We conservatives find ourselves in a state of bewilderment as to how our country could be slipping into socialism. “This is the United States of America” we cry. “This is not supposed to happen here!” But a moment’s introspection can clarify what happened and what needs to happen in order to reverse the nation’s course.

The simplest explanation for our country’s incessant drive towards central government is that we conservatives have failed to advance the system of liberty and free enterprise on moral grounds. We who call ourselves conservatives, to our own detriment I believe, have relied too much on tradition while blindingly revering our values as self-evident truths.

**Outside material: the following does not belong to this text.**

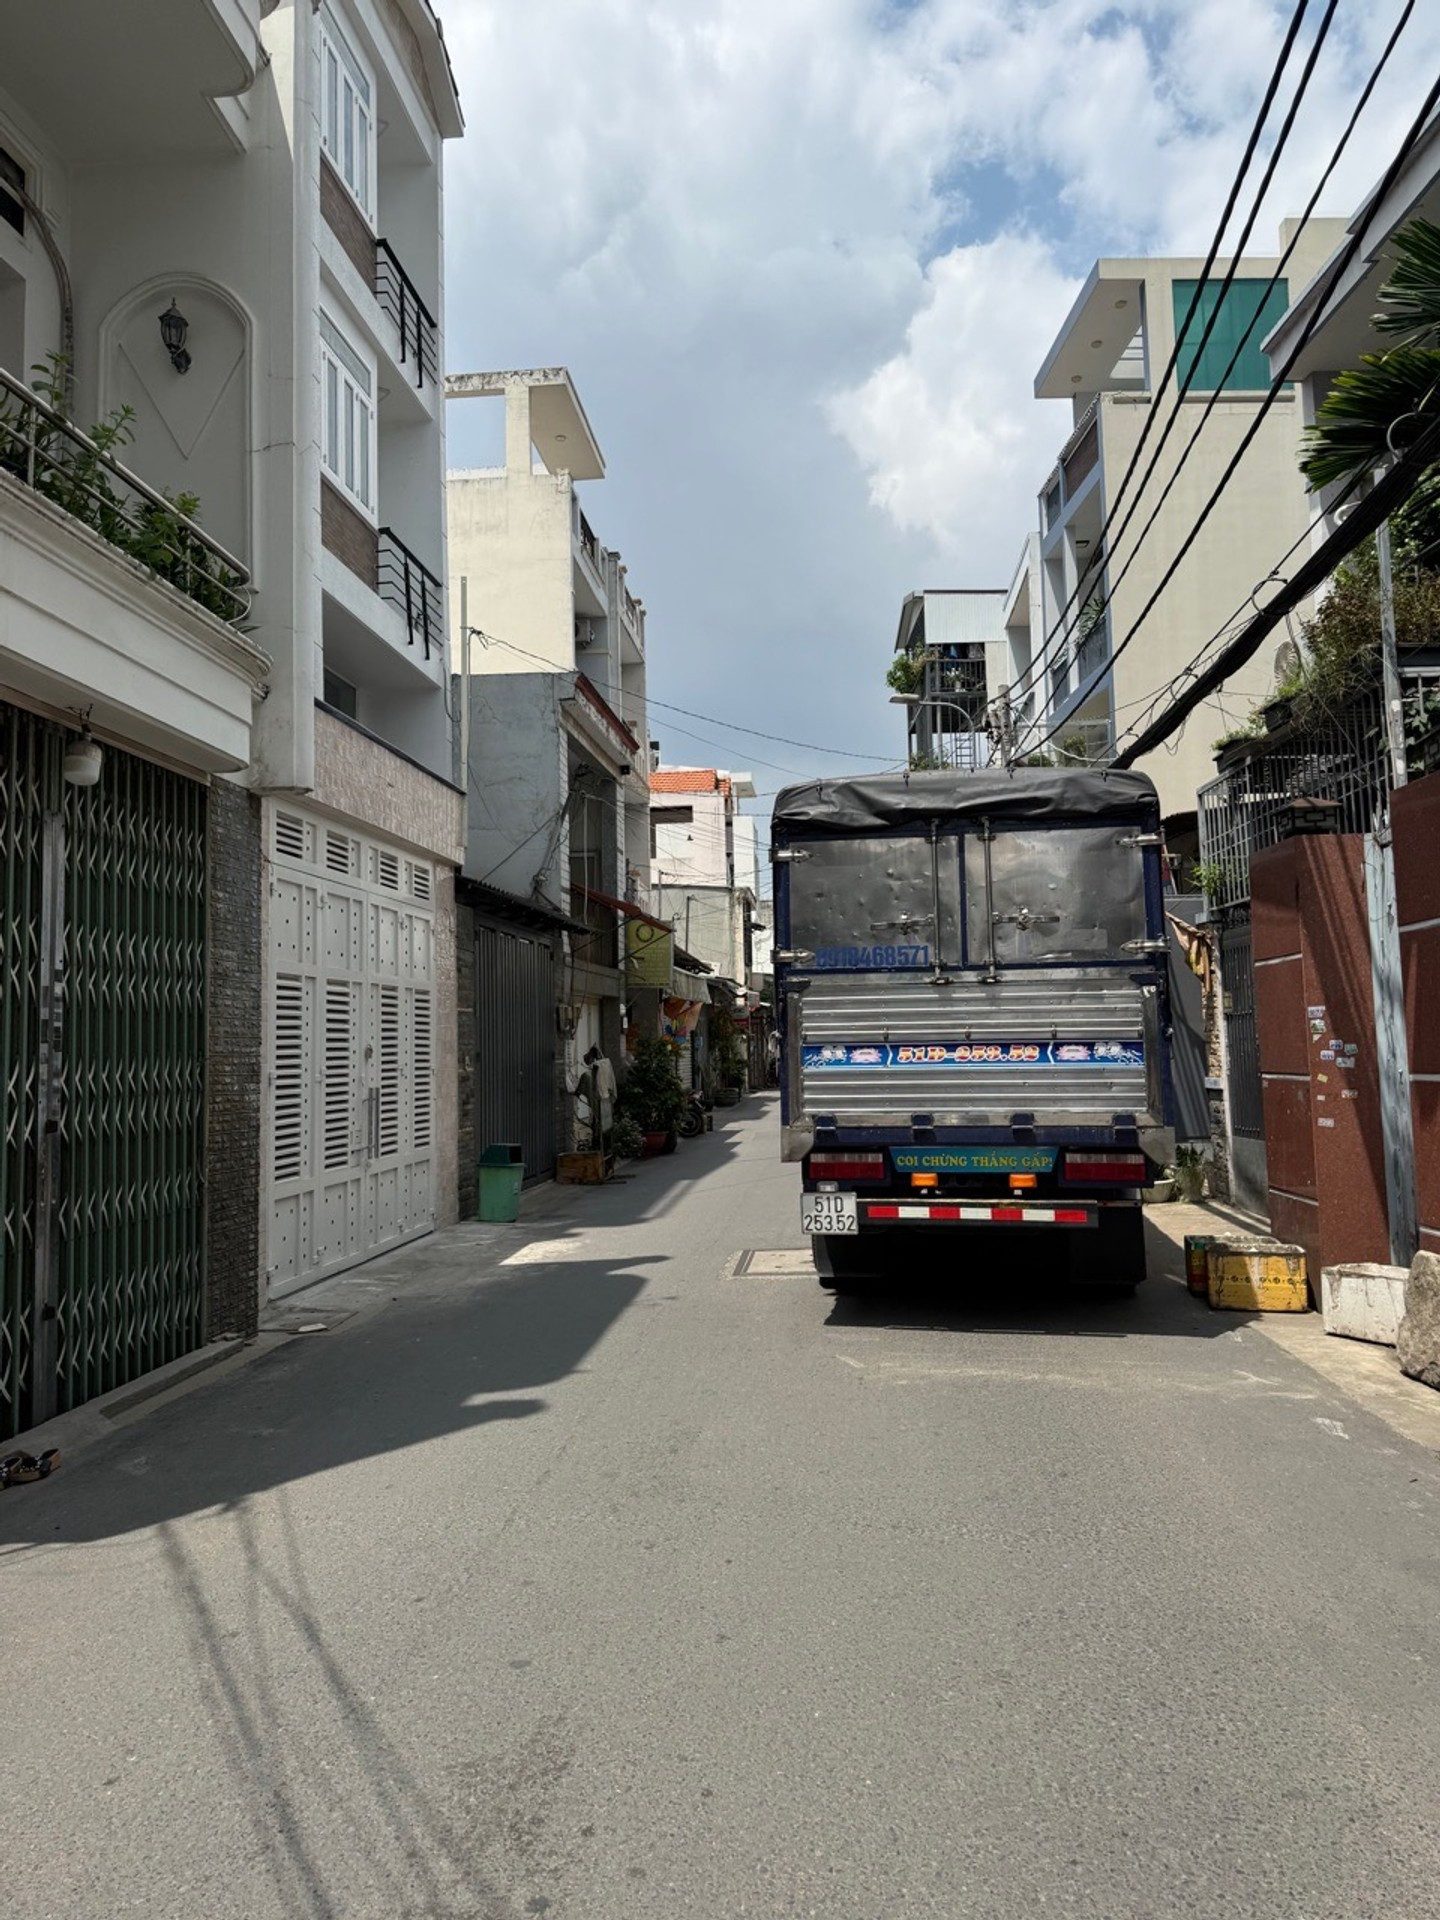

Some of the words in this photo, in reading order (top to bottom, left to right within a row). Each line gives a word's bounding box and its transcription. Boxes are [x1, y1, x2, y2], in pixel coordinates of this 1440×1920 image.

While our Founders provided us with valuable insights into human nature and government, we mistakenly believed that the debate was over. Too many of us failed to recognize that new challenges to our beliefs had arisen that demanded to be directly addressed.

The intellectual terrain shifted, making the appeal to freedom seem to elites like an unblinking, unthinking argument. The intellectuals who opposed freedom were written off by conservatives as members of a lofty elite scribbling away in their ivory towers; and of no consequence whatsoever for shaping the direction of the country.  This attitude fed mutual resentment and divided the country into an “intellectuals versus the people” battle. No wonder the would-be ruling class members felt no compulsion whatsoever to be intellectually honest with us, nor have they sympathized with our point of view.

In retaliation for conservatives’ general unwillingness to acknowledge their brilliance, let alone engage their ideas, the hardcore left in academia ascribed everything we had to say as “capitalist false consciousness.” This mischievous argument dehumanized us further, radicalizing them against us.

The leftists won their ideological victories mainly because conservatives paid their time in academia as a kind of purgatorial pass to upward mobility, refusing to stand up to the left on moral grounds at the optimum time. After the defeat of collectivist nations in the second world war, and in the period after the Soviet gulag states were established, there was a prime opportunity to drive home the failures of central planning.  But most conservatives became overconfident and intellectually lazy, instead enjoying the country’s moment in the sun.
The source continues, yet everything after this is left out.